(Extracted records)
----------------------------------------
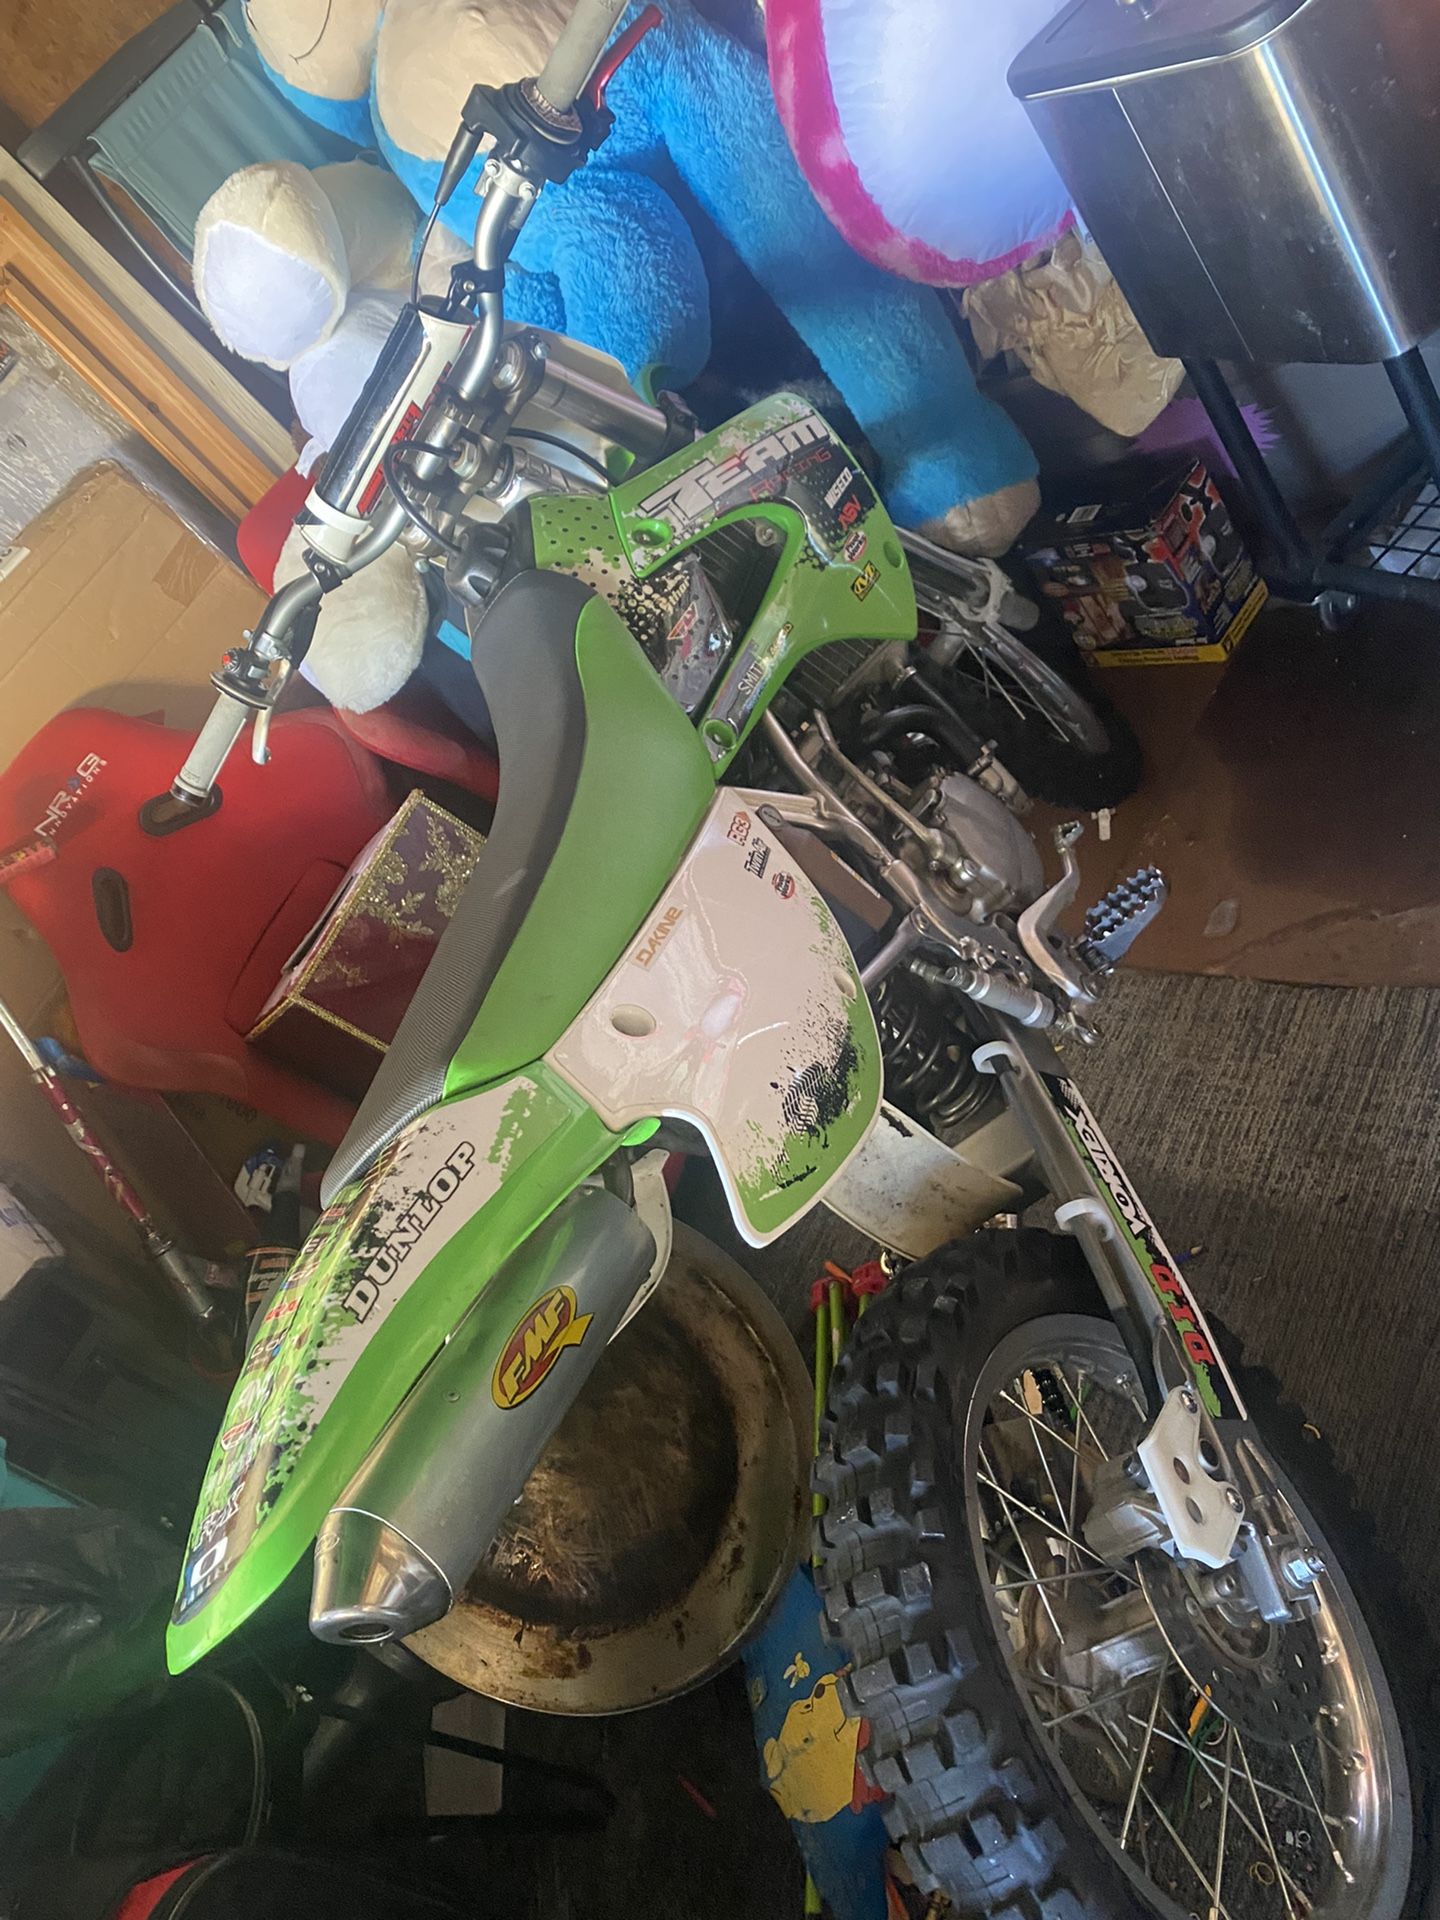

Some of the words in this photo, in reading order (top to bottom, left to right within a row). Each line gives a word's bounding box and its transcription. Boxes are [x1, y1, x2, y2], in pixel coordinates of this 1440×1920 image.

[638, 413, 830, 520] TEAM
[824, 466, 853, 509] WISECO
[838, 494, 861, 531] ASV
[33, 752, 102, 836] NRG
[635, 906, 683, 968] DAKINE
[1065, 1105, 1148, 1238] VORTEX
[341, 1141, 475, 1324] DUNLOP
[500, 1288, 565, 1404] FMF
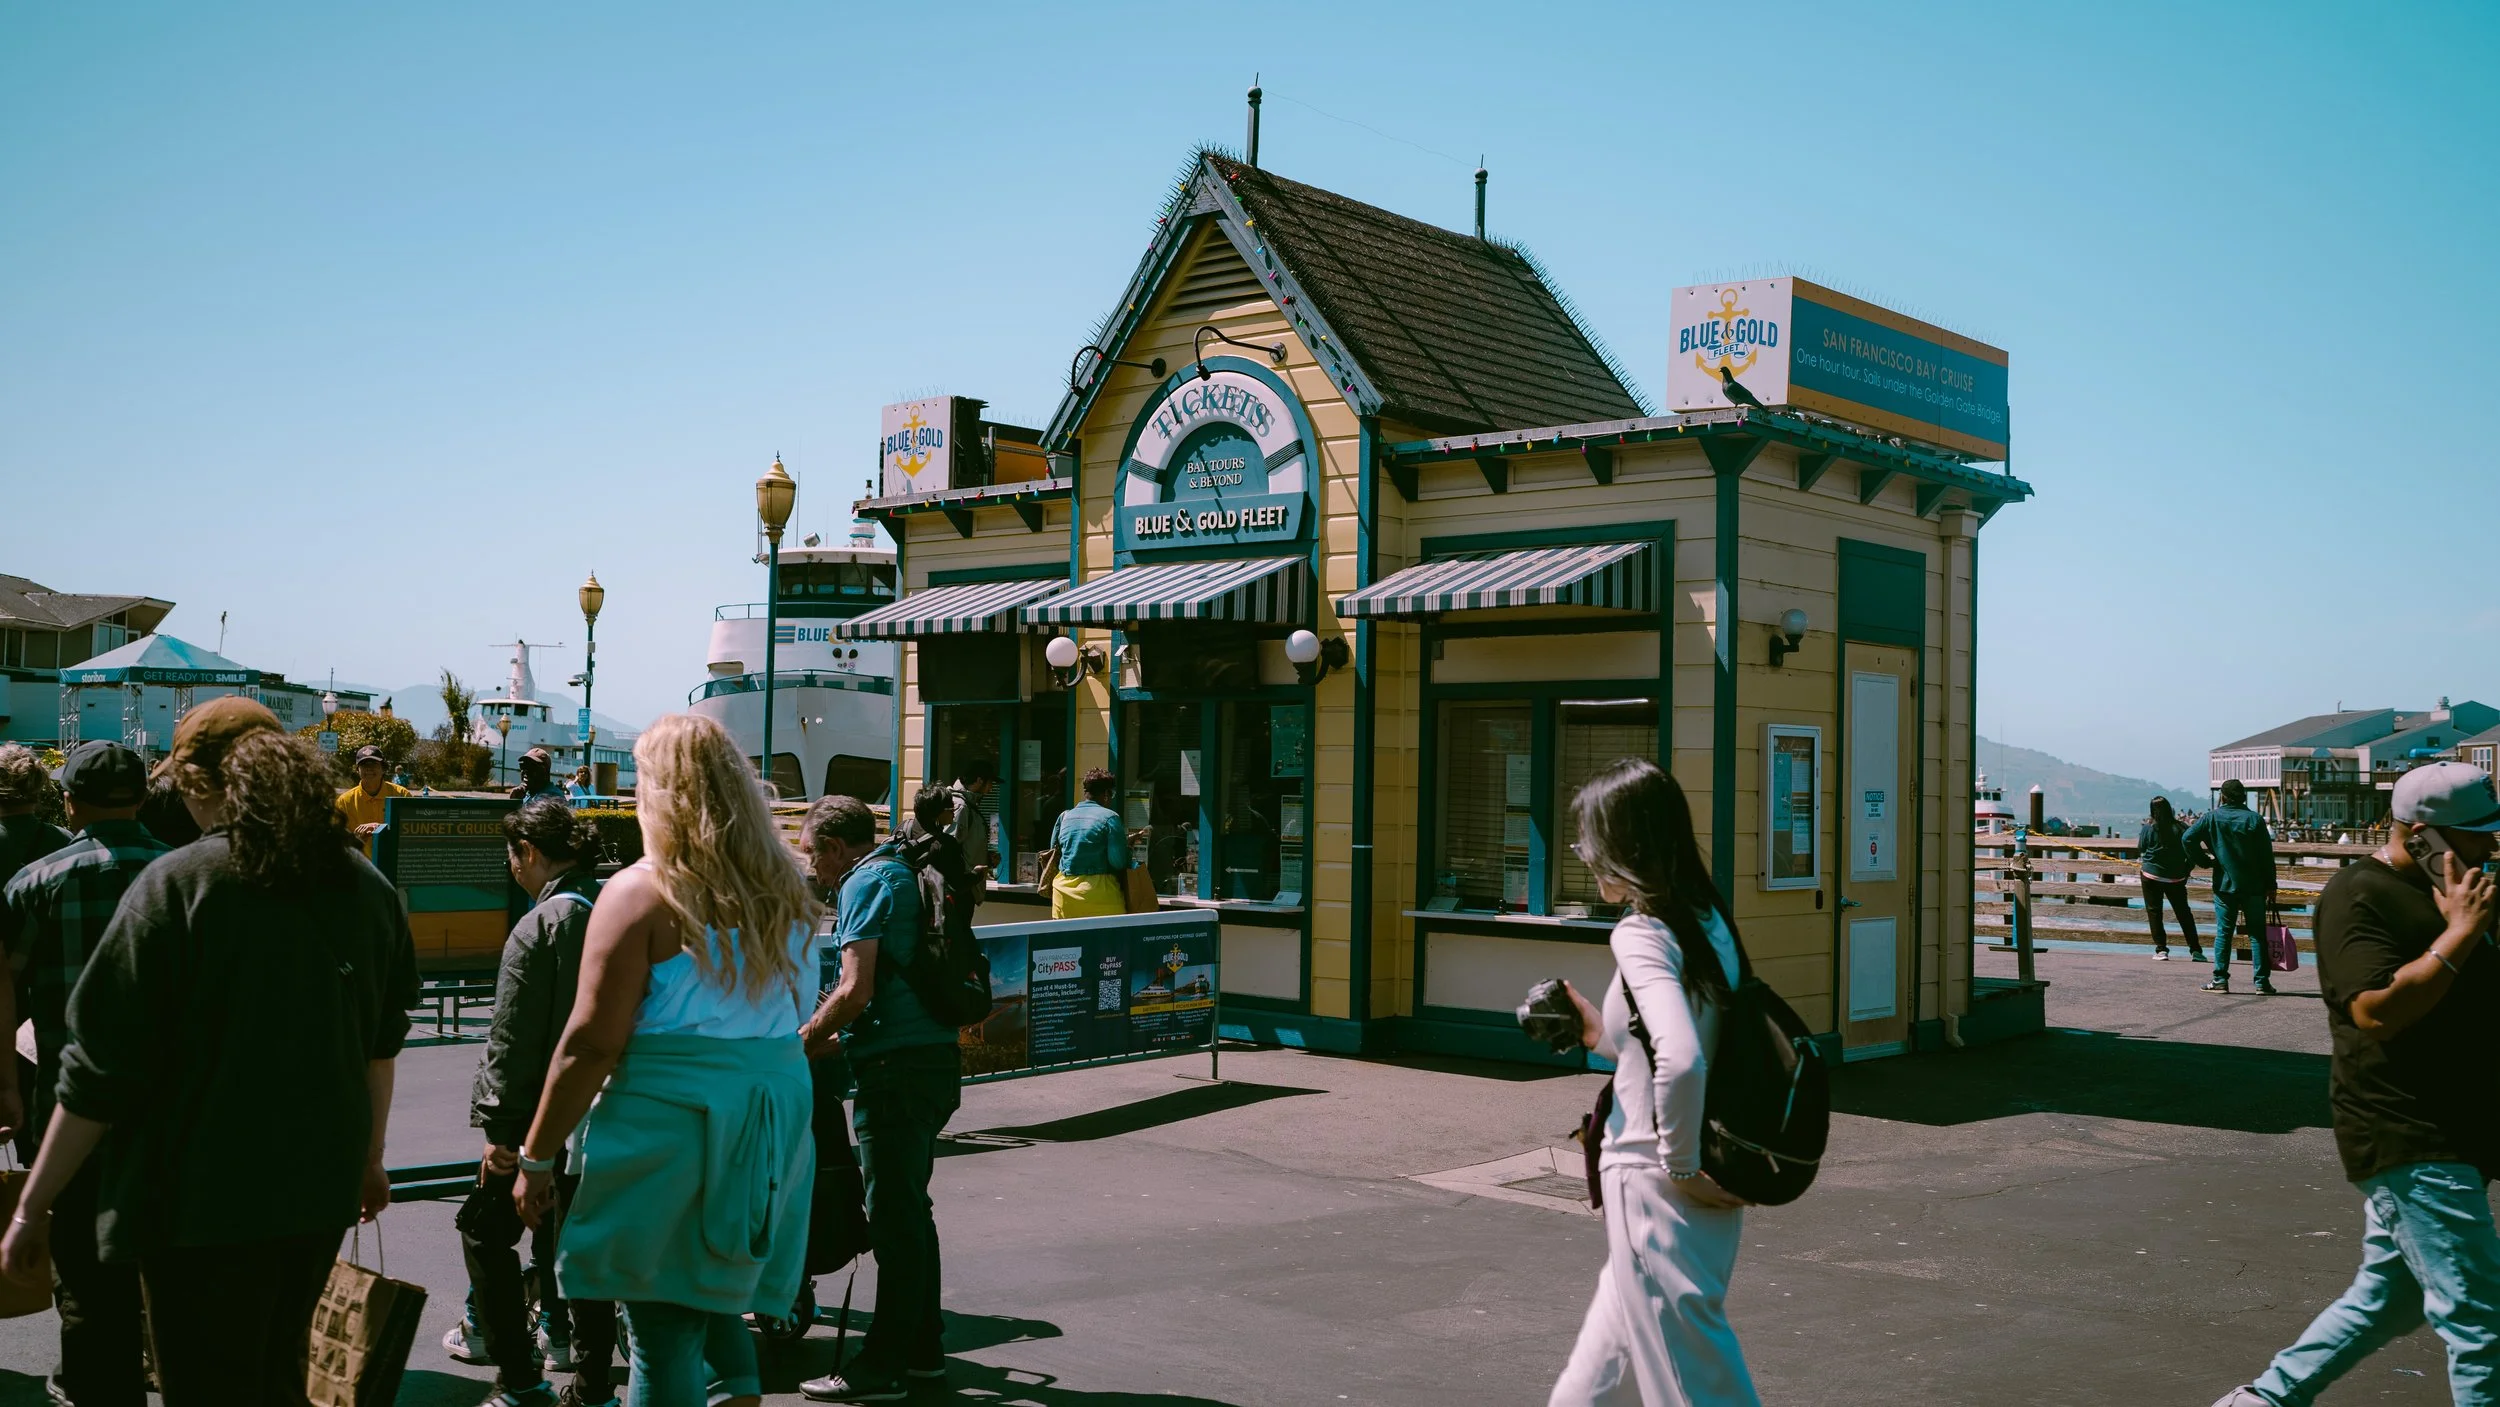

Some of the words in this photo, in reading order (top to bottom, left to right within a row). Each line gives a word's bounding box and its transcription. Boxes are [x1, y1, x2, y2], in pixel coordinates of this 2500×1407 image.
----------------------------------------
Repeat the records above word for word, apart from the pictures.

● EXPECTED ANSWER:
Some of the words in this photo, in reading order (top to bottom, left to right within a row). Each line gives a word's bounding box and its transcription. Boxes are [x1, y1, x2, y2], in pixel coordinates of this 1440×1920 image.

[638, 413, 830, 520] TEAM
[824, 466, 853, 509] WISECO
[838, 494, 861, 531] ASV
[33, 752, 102, 836] NRG
[635, 906, 683, 968] DAKINE
[1065, 1105, 1148, 1238] VORTEX
[341, 1141, 475, 1324] DUNLOP
[500, 1288, 565, 1404] FMF

Some of the words in this photo, in reading order (top to bottom, left to right within a row). Each line gives a word's bounding box and its transcription. Boxes are [x1, y1, x2, y2], in pixel coordinates of this 2500×1407 image.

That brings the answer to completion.